For most people, what happens in the bathroom stays in the bathroom. Very few of us have any desire to talk about something as private and sensitive as constipation, for instance. Sometimes, though, not discussing problems that occur in the bathroom can cause problems that affect life outside the bathroom. Constipation affects approximately 25 percent of Americans, and affects more women than men. It is most prevalent in people 65 years old and older, and accounts for an average 2.5 million doctor visits each year. Americans also spend more than $725 million each year on over-the-counter laxatives. But what most don’t realize is that constipation is a symptom, not a disease. It indicates something in your body isn’t working the way it should, and by not talking about it, you could be allowing your embarrassment to keep you from getting treatment for a potentially harmful complication.
“Many people incorrectly believe that they need to have a bowel movement each day. Typically, someone who is experiencing constipation may have a bowel movement fewer than three times per week,” said Blount Memorial Total Rehabilitation physical therapist and certified pelvic rehabilitation practitioner Candace Jarrett. “Constipation doesn’t target any specific age group, and is not a natural part of aging. It affects people young and old. Most people will self-treat constipation with things like fiber, laxatives, enemas or supplements. Others may turn to increased activity, which can help, but doesn’t decrease occurrences of constipation on its own,” she explained. “Still, what most people don’t realize is that chronic constipation and chronic laxative abuse can affect their quality of life, as well as increase their overall risk for developing colon cancer. With counseling on simple lifestyle changes, people may actually be able to change their habits and improve their bowel regularity,” she added.

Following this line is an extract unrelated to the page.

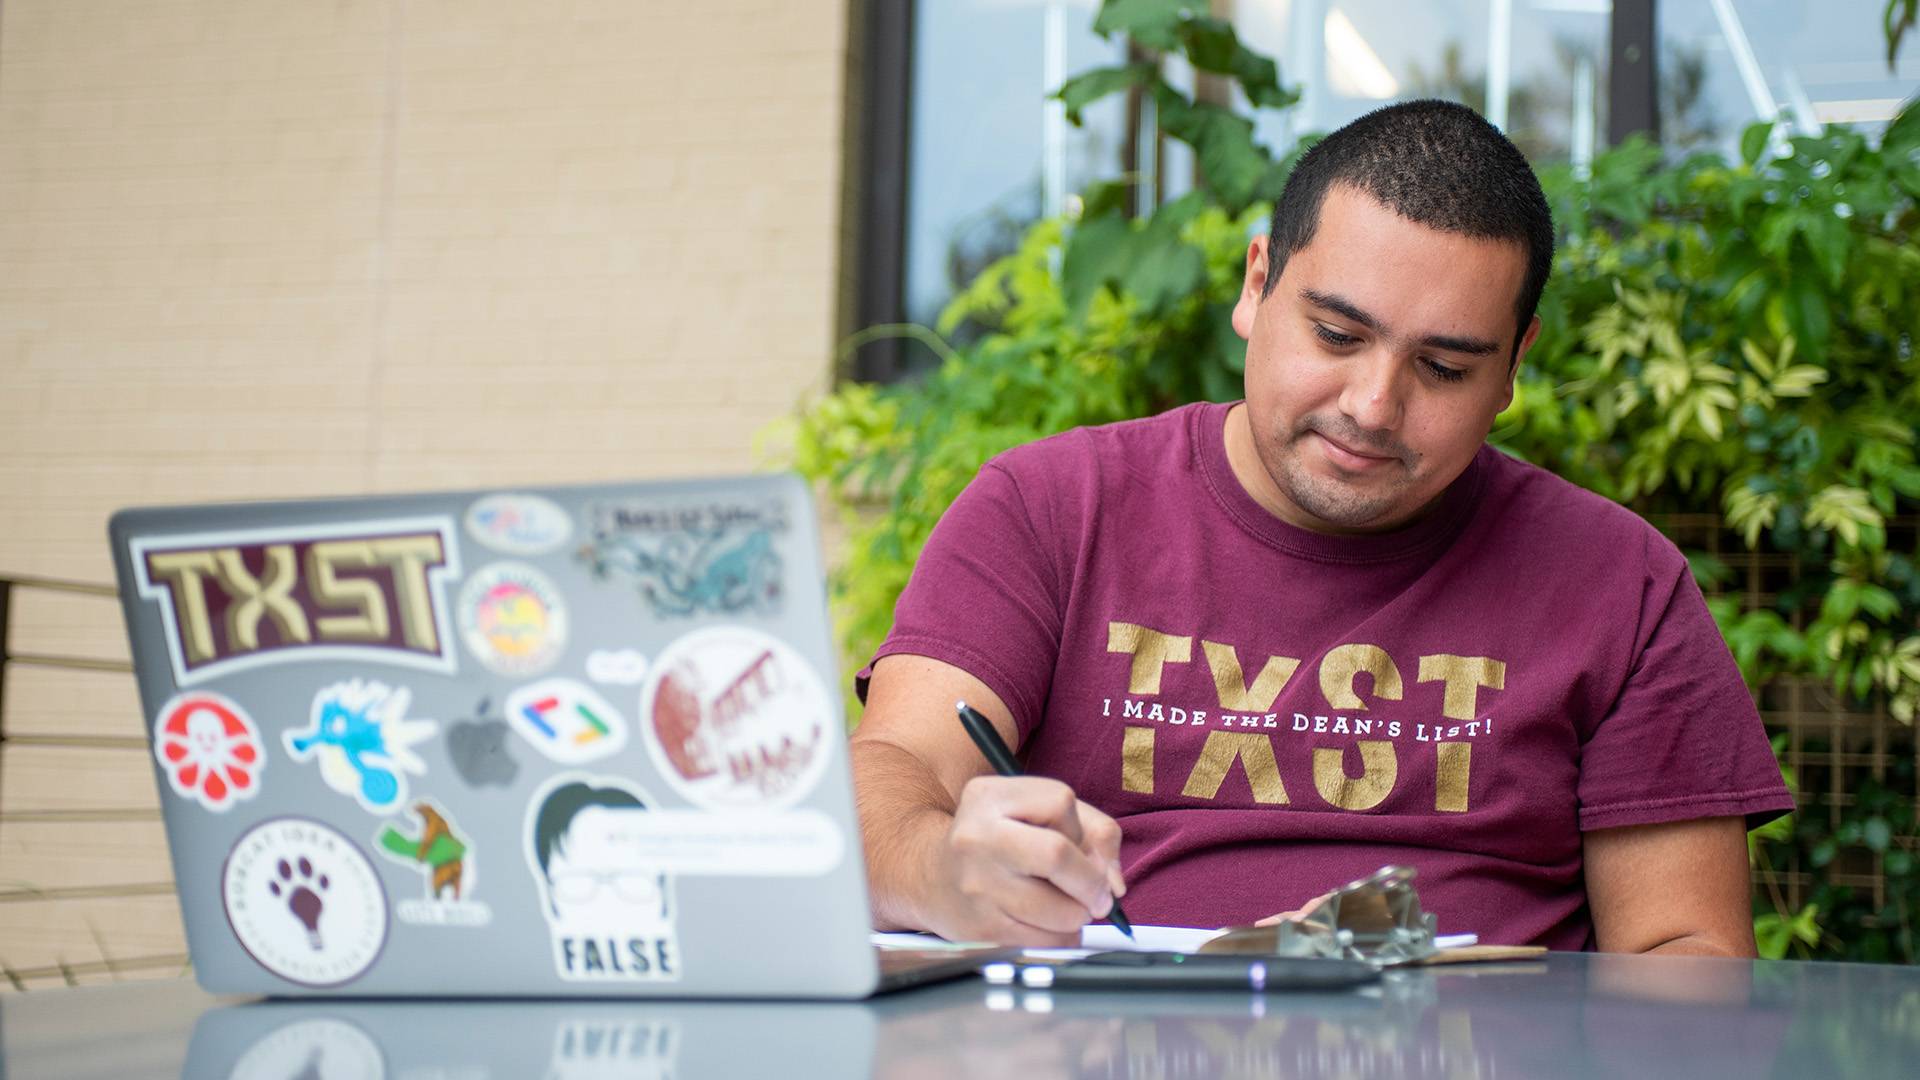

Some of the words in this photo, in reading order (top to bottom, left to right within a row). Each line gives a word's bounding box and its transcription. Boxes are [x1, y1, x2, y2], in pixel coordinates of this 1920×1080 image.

Jarrett says physical therapy actually can help someone dealing with chronic constipation. “Due to underlying conditions, a thorough medical history and physical examination are needed to diagnose constipation. Once the diagnosis is confirmed, constipation is classified into three groups: normal transit constipation, also known as functional constipation; slow transit constipation, which is classified by a prolonged delay in the passage of waste through the colon; and defactory disorders. Fortunately, physical therapy can help with all three. Therapy for defactory disorders focuses on retraining the pelvic floor muscle function during evacuation. Many patients have been able to restore normal bowel function through the use of biofeedback, or electronic monitoring. Therapy can help train patients to relax certain muscles involved in straining, as well as coordinate their abdominal contractions to help move things along. Therapists also can help patients focus on learning the correct posture for sitting on the toilet, proper defecation dynamics and abdominal massage. Many therapists also may have patients create a diary of sorts to record things such as consistency, frequency and any difficulties,” she explained. “People who seek physical therapy treatments for constipation report more-frequent stools, decreased laxative use and a lower need for external assistance,” she added.